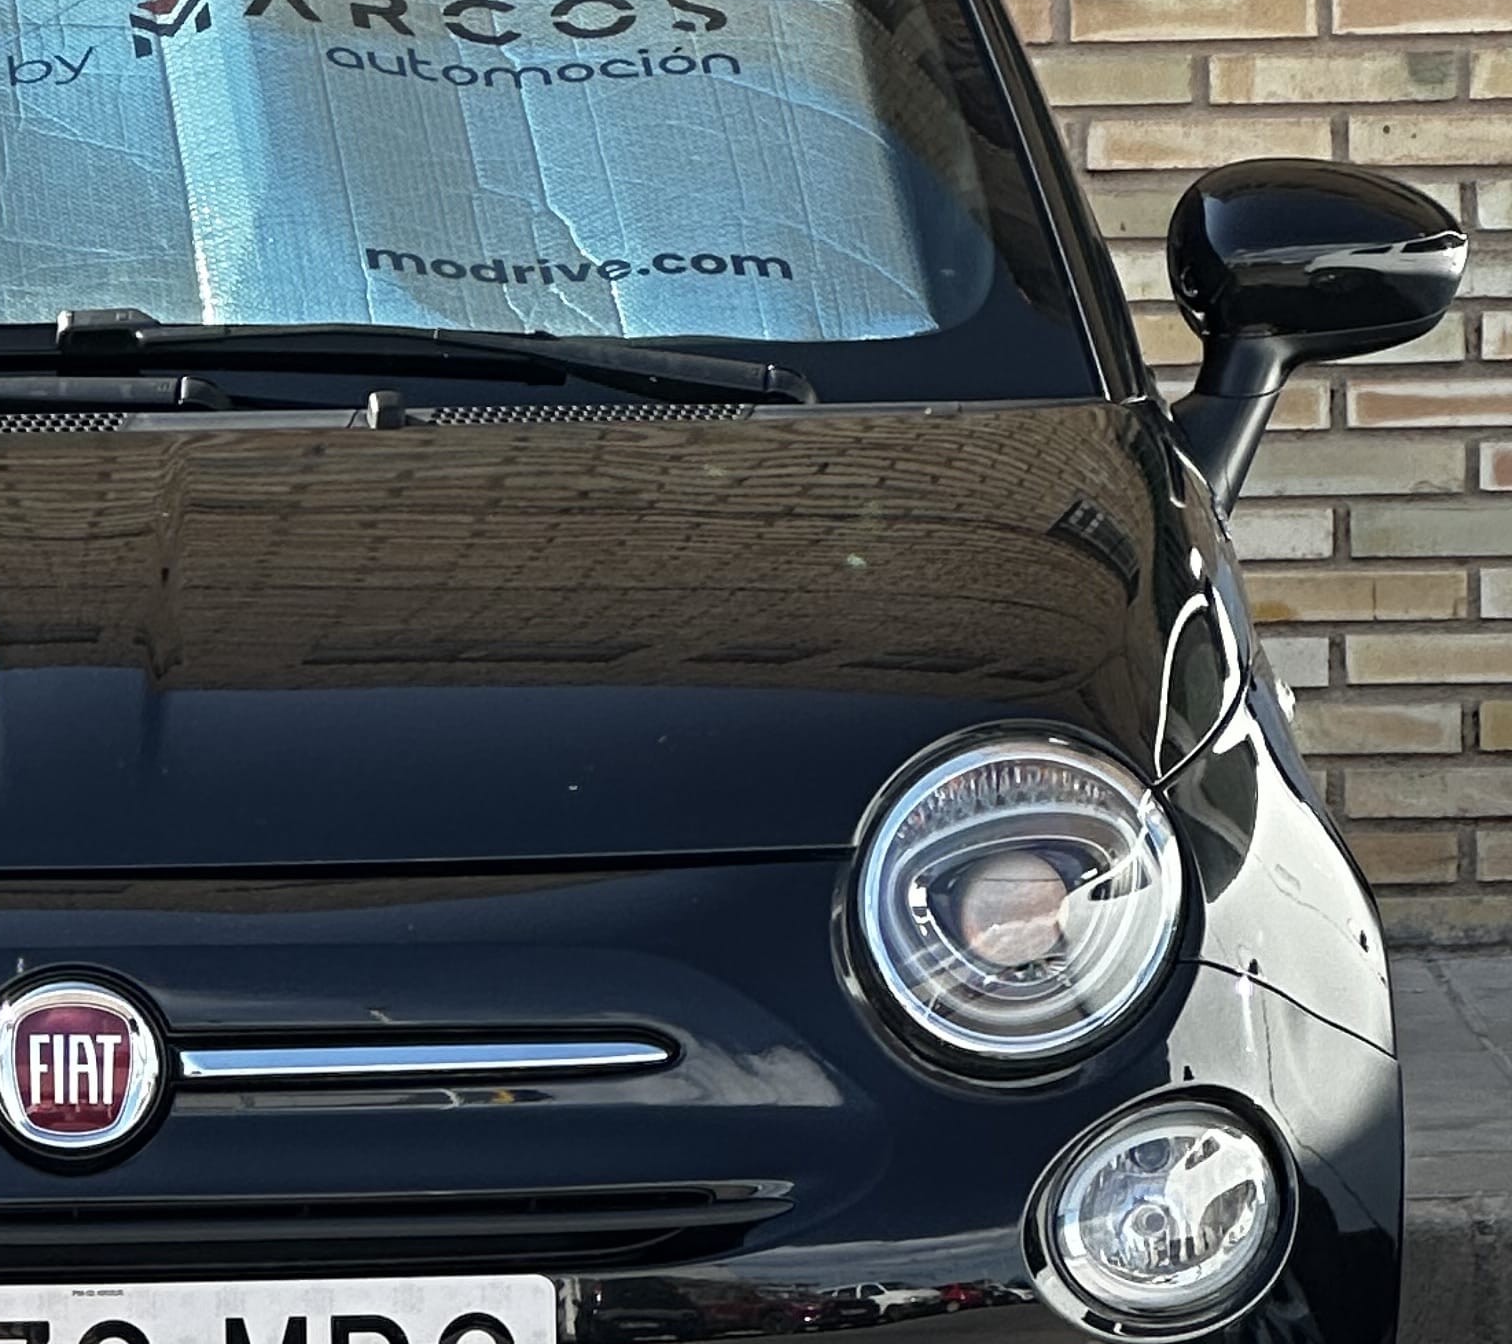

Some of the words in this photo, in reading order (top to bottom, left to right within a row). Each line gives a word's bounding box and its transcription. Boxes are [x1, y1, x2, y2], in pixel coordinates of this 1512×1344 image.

[8, 45, 95, 87] by
[326, 44, 742, 90] automoción
[366, 246, 795, 287] modrive.com
[28, 1033, 122, 1105] FIAT
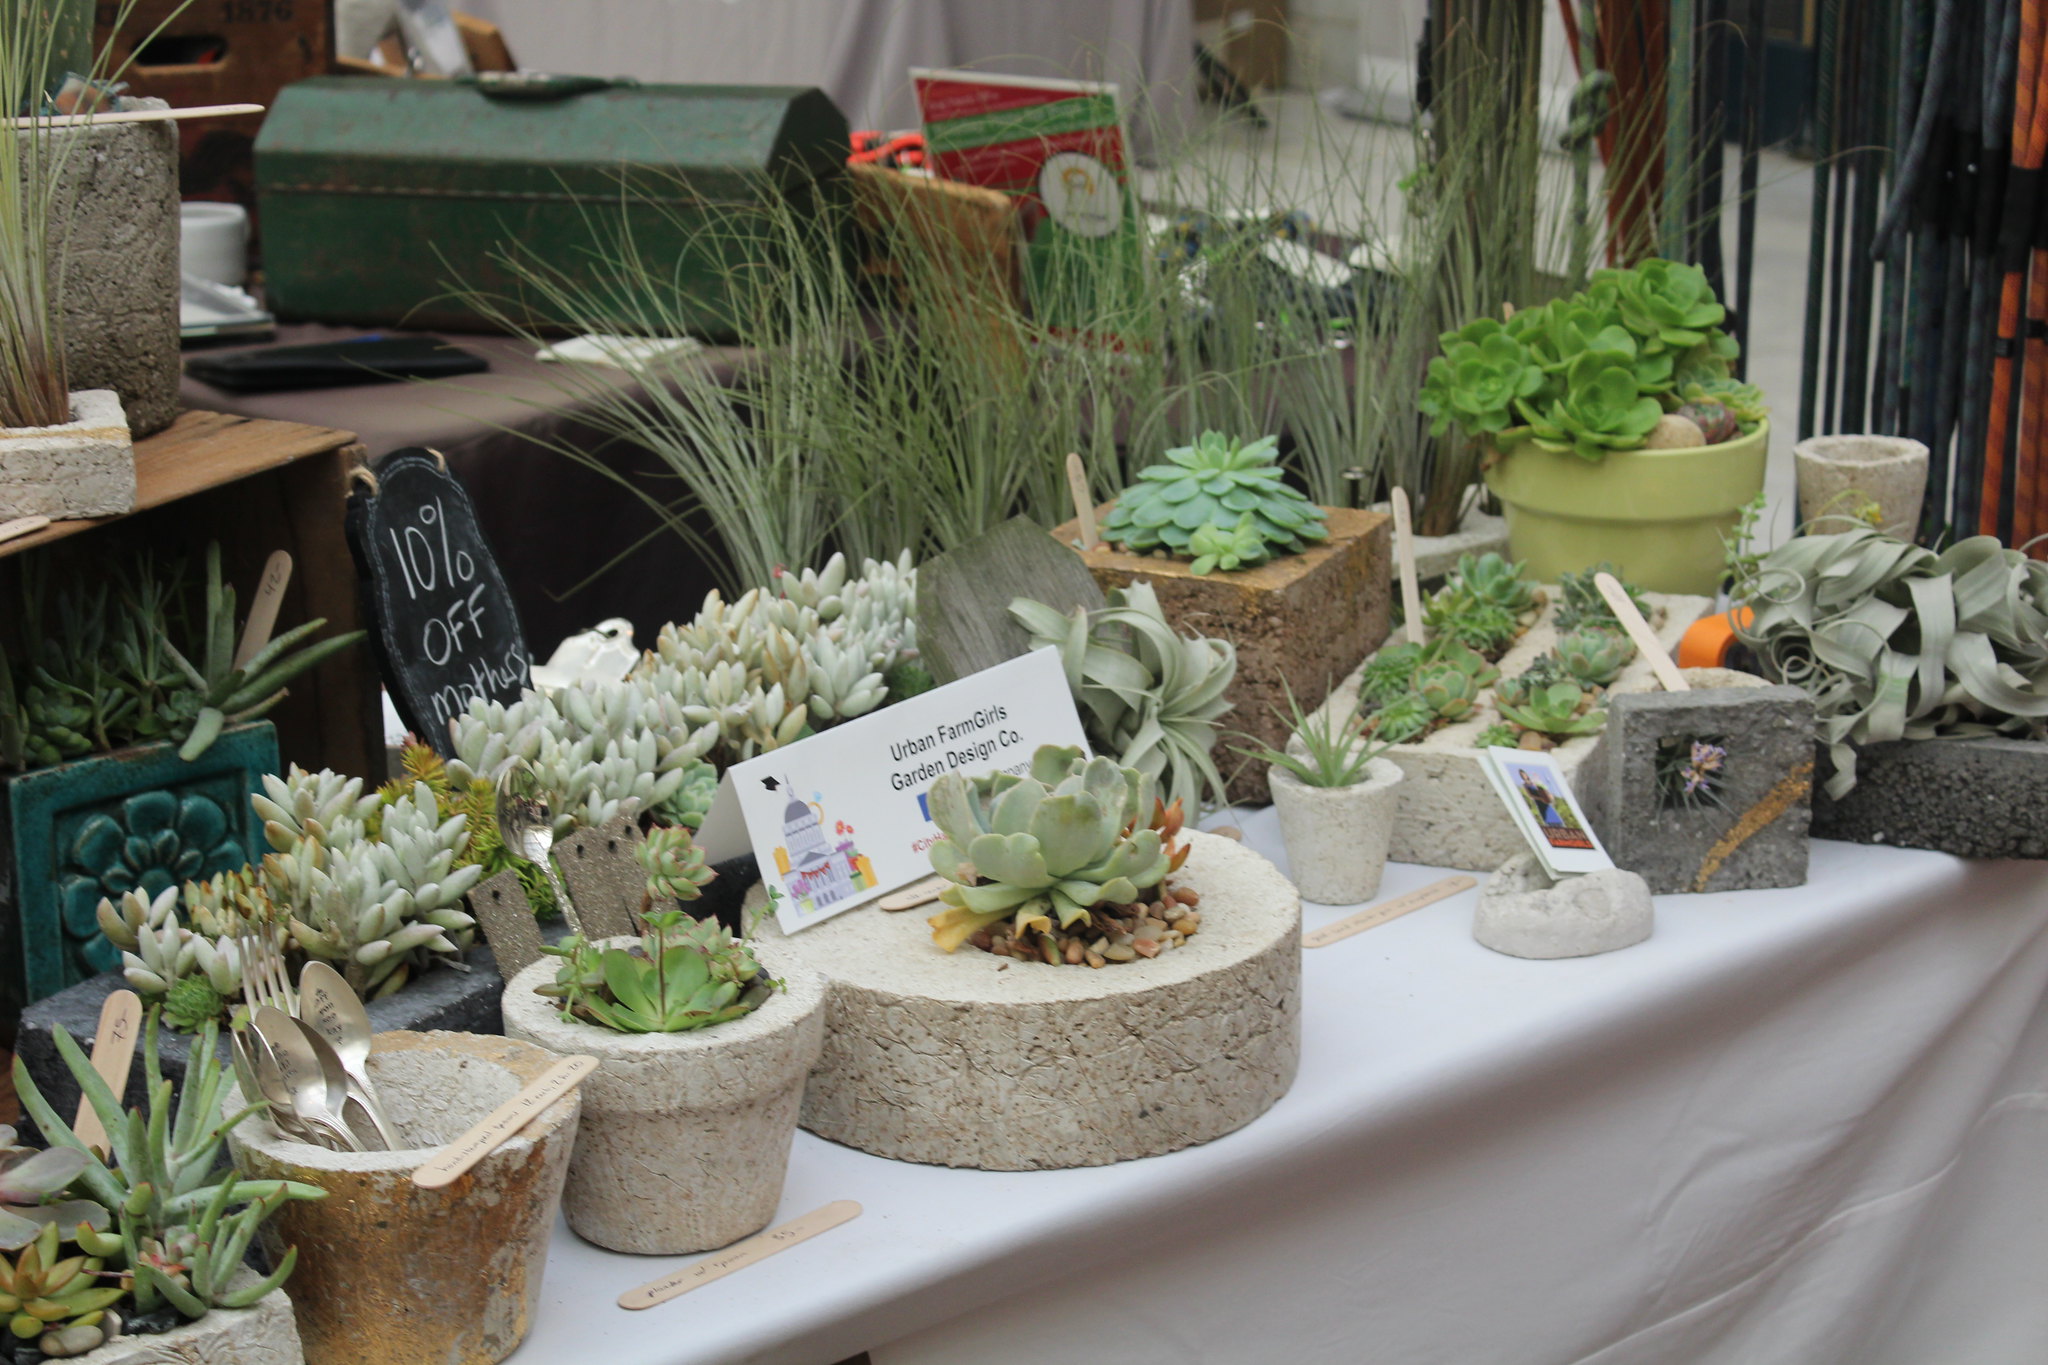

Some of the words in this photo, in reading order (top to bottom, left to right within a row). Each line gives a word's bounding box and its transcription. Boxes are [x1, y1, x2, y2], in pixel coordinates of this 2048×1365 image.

[389, 495, 475, 600] 10%
[423, 583, 485, 666] OFF
[890, 733, 936, 762] Urban
[937, 704, 1008, 744] FarmGirls
[890, 759, 946, 791] Garden
[946, 738, 998, 770] Design
[998, 729, 1024, 748] Co.
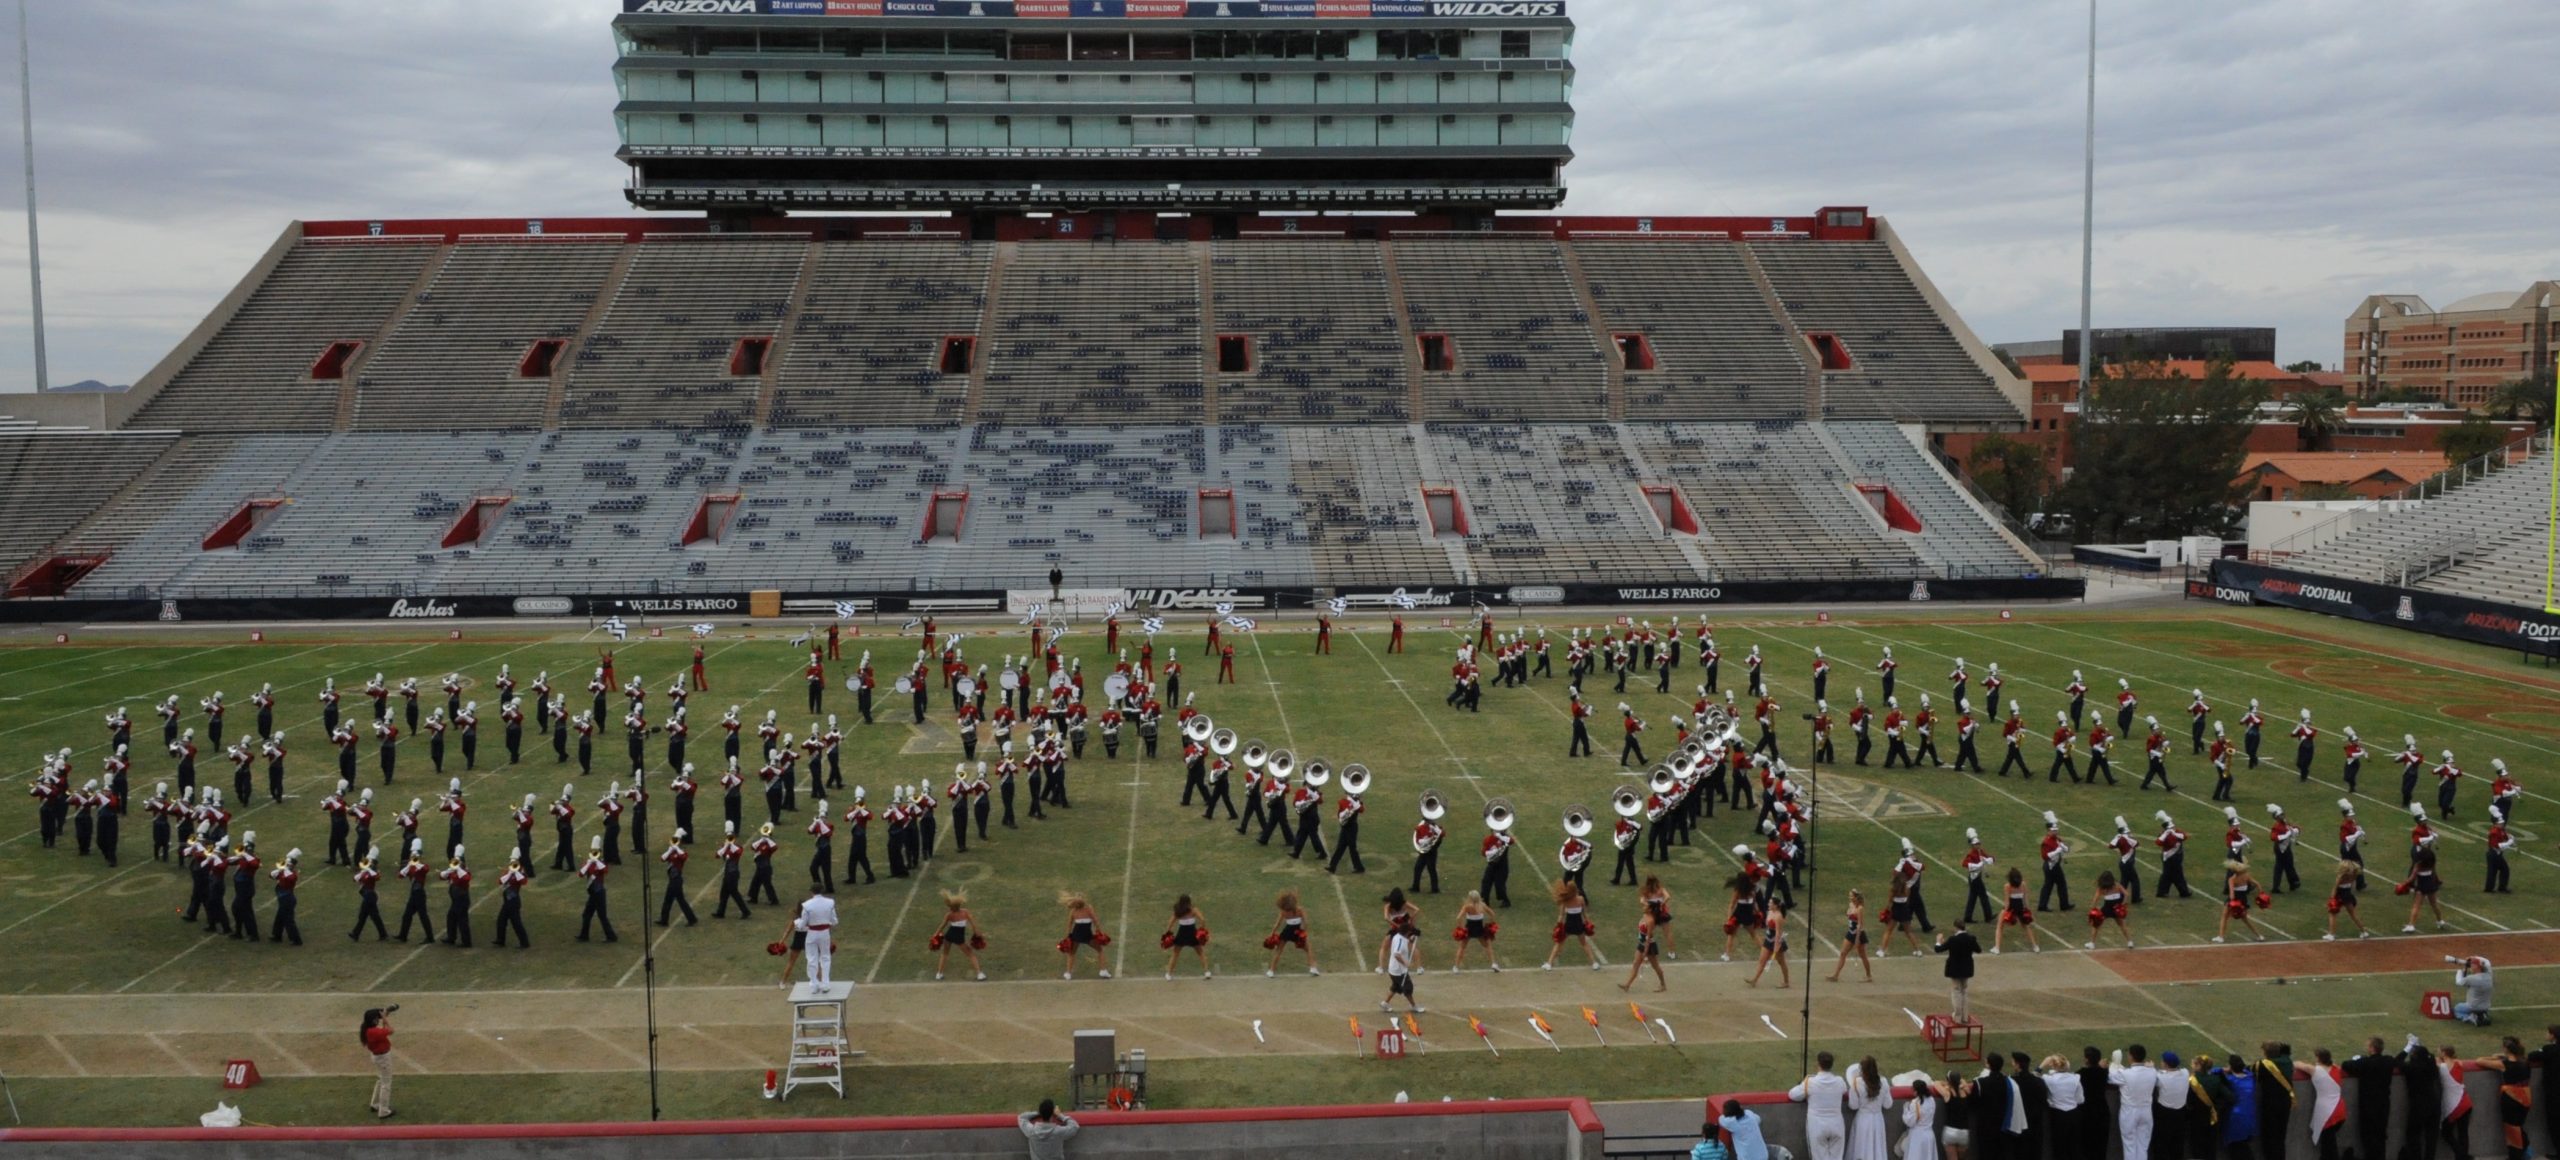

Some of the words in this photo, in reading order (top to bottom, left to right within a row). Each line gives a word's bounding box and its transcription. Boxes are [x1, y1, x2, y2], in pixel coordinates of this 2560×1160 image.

[636, 0, 757, 12] ARIZONA
[772, 1, 781, 9] 22
[893, 3, 916, 11] CHUCK
[1432, 3, 1559, 16] WILDCATS
[370, 227, 382, 236] 17
[529, 225, 541, 235] 18
[909, 223, 923, 233] 20
[1060, 223, 1072, 232] 21
[1284, 222, 1297, 232] 22
[1638, 223, 1651, 232] 24
[1772, 223, 1786, 232] 25
[1617, 588, 1669, 600] WELLS
[1671, 587, 1721, 600] FARGO
[388, 598, 458, 618] Bashas'
[628, 599, 684, 611] WELLS
[685, 598, 738, 610] FARGO
[2430, 996, 2450, 1015] 20
[1381, 1033, 1399, 1054] 40
[226, 1063, 247, 1085] 40

_PROBLEM TO WORK ON_
Print the complete listing exactly, apart from any pictures.

_REPLY_
Some of the words in this photo, in reading order (top to bottom, left to right within a row). Each line gives a word's bounding box and its transcription. Boxes are [x1, y1, x2, y2], in pixel coordinates of this 1512×1344 image.

[8, 45, 95, 87] by
[326, 44, 742, 90] automoción
[366, 246, 795, 287] modrive.com
[28, 1033, 122, 1105] FIAT

Some of the words in this photo, in reading order (top to bottom, left to right within a row). Each line gives a word's bounding box and its transcription. Boxes are [x1, y1, x2, y2], in pixel coordinates of this 2048×1365 image.

[389, 495, 475, 600] 10%
[423, 583, 485, 666] OFF
[890, 733, 936, 762] Urban
[937, 704, 1008, 744] FarmGirls
[890, 759, 946, 791] Garden
[946, 738, 998, 770] Design
[998, 729, 1024, 748] Co.

Some of the words in this photo, in reading order (top to bottom, left to right within a row). Each line gives a word's bounding box and its transcription. Boxes are [x1, y1, x2, y2], in pixel coordinates of this 2560×1160 image.

[636, 0, 757, 12] ARIZONA
[772, 1, 781, 9] 22
[893, 3, 916, 11] CHUCK
[1432, 3, 1559, 16] WILDCATS
[370, 227, 382, 236] 17
[529, 225, 541, 235] 18
[909, 223, 923, 233] 20
[1060, 223, 1072, 232] 21
[1284, 222, 1297, 232] 22
[1638, 223, 1651, 232] 24
[1772, 223, 1786, 232] 25
[1617, 588, 1669, 600] WELLS
[1671, 587, 1721, 600] FARGO
[388, 598, 458, 618] Bashas'
[628, 599, 684, 611] WELLS
[685, 598, 738, 610] FARGO
[2430, 996, 2450, 1015] 20
[1381, 1033, 1399, 1054] 40
[226, 1063, 247, 1085] 40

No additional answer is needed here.